Evolution for developing in the Force.com cloud

Brein Matturro Profile: Brein Matturro

By Jack Vaughan

 

How does cloud computing change development strategies for integration? The answer to the question is still a work in progress. A guide, however, may be found in Force.com. SalesForce.com was perhaps the earliest cloud player, building-out its whole company as a Software-as-a-Service offering, and launching one of the first Platform-as-a-Service (PaaS) offerings in the form of Force.com.

 

While SalesForce.com has fairly recently expanded its cloud portfolio to support open source oriented software in the forms of the Java Spring and Ruby-on-Rails frameworks, Force.com, with its proprietary Apex language, represents its flagship offering.

 

A good window into building cloud application integrations takes the form of a recent book: Development with the Force.com Platform: Second Edition, by Jason Ouellette.

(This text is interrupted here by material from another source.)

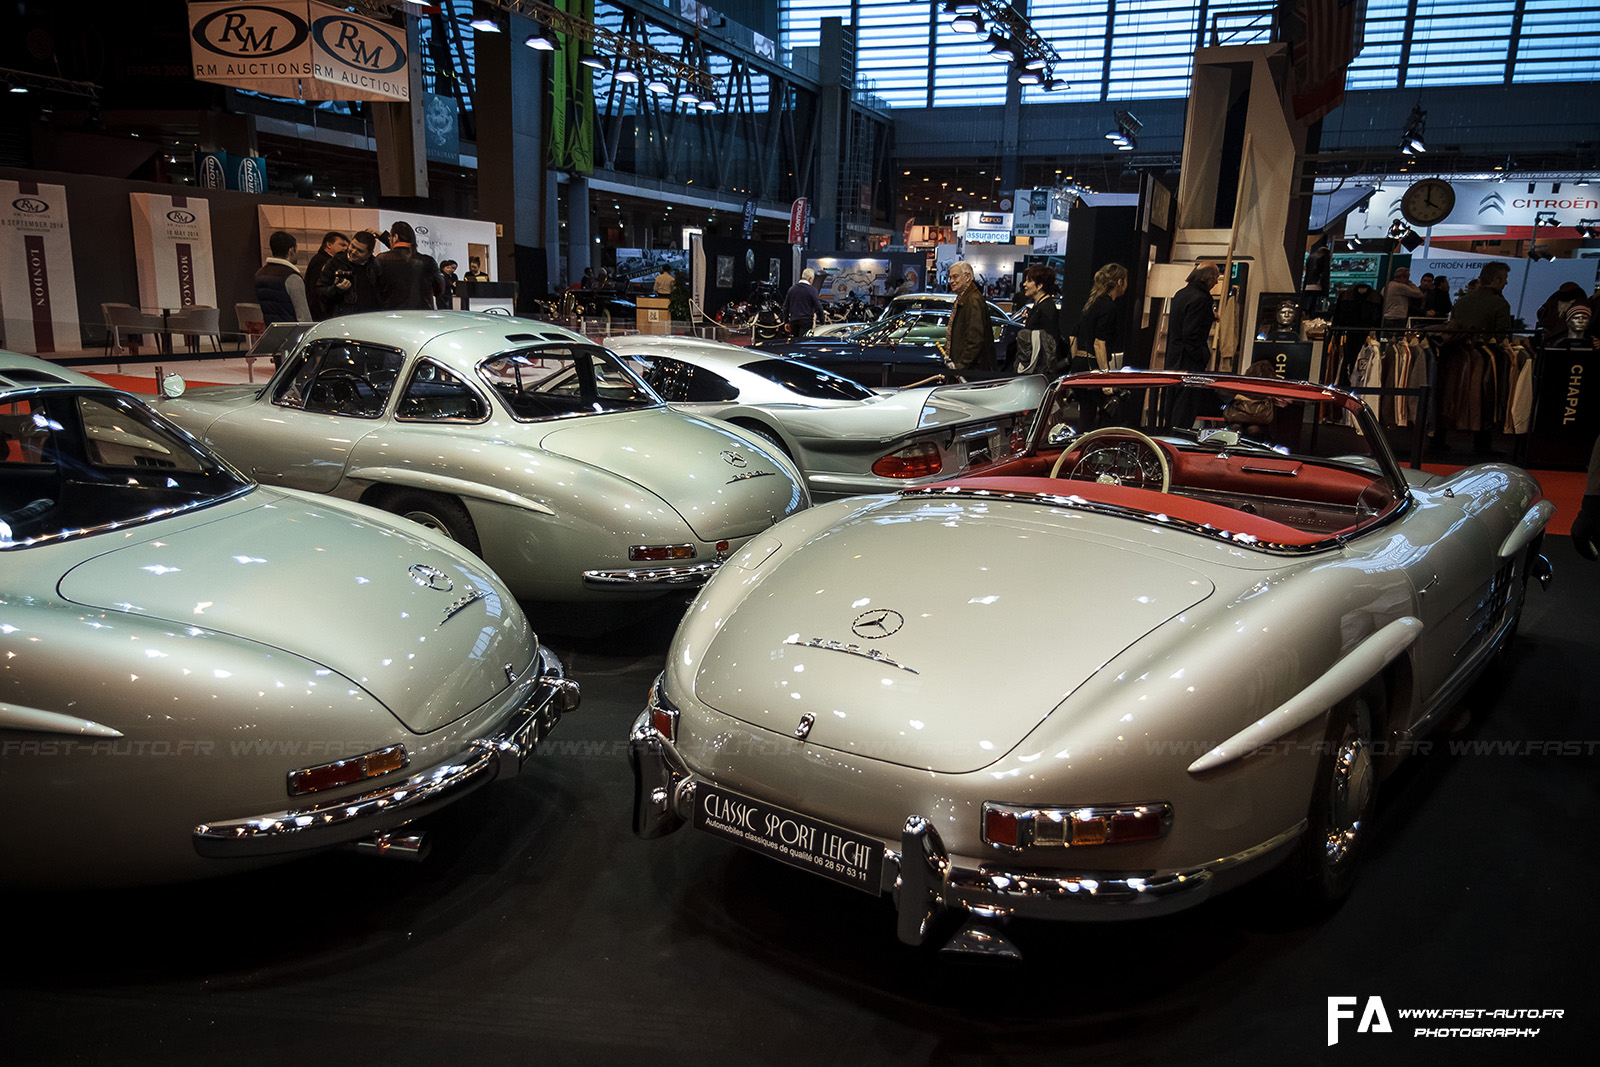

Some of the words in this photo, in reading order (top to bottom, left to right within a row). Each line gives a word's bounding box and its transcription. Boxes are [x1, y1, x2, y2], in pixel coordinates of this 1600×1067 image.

SearchSOA.com spoke with Ouellette at the time of the release of the first edition of the book for a podcast entitled ”Developing in the cloud with Force.com PaaS.” The story focuses on Apex as a language for writing business logic in a multitenancy setting.

 

We spoke with Ouellette again recently on the release of the second edition of his book. As can be expected in high technology, a lot has changed in the two years since the first edition. Ouellette said the Force.com platform has been improved in terms of JSON and REST API support; social media support in the form of Chatter components, feeds and APIs; and Batch Apex support added since the first edition.

 

SalesForce.com pioneered multitenant cloud computing, and, as such, had to solve some resource issues. SalesForce.com set governor limits to ensure fair treatment of applications from different customers. The number of records that can be queried at one time, the amount of memory used by code, the size of messages sent between Force.com and external hosts – all these matters are ”governed.”

 

Some individuals have likened aspects of cloud computing architecture to architectures of mainframe days. Certainly the governor limits discussed here recall the golden ears of batch computing. With Batch Apex, Ouellete told us, Force.com allows you to keep long-running data-intensive processing tasks within the Force.com platform.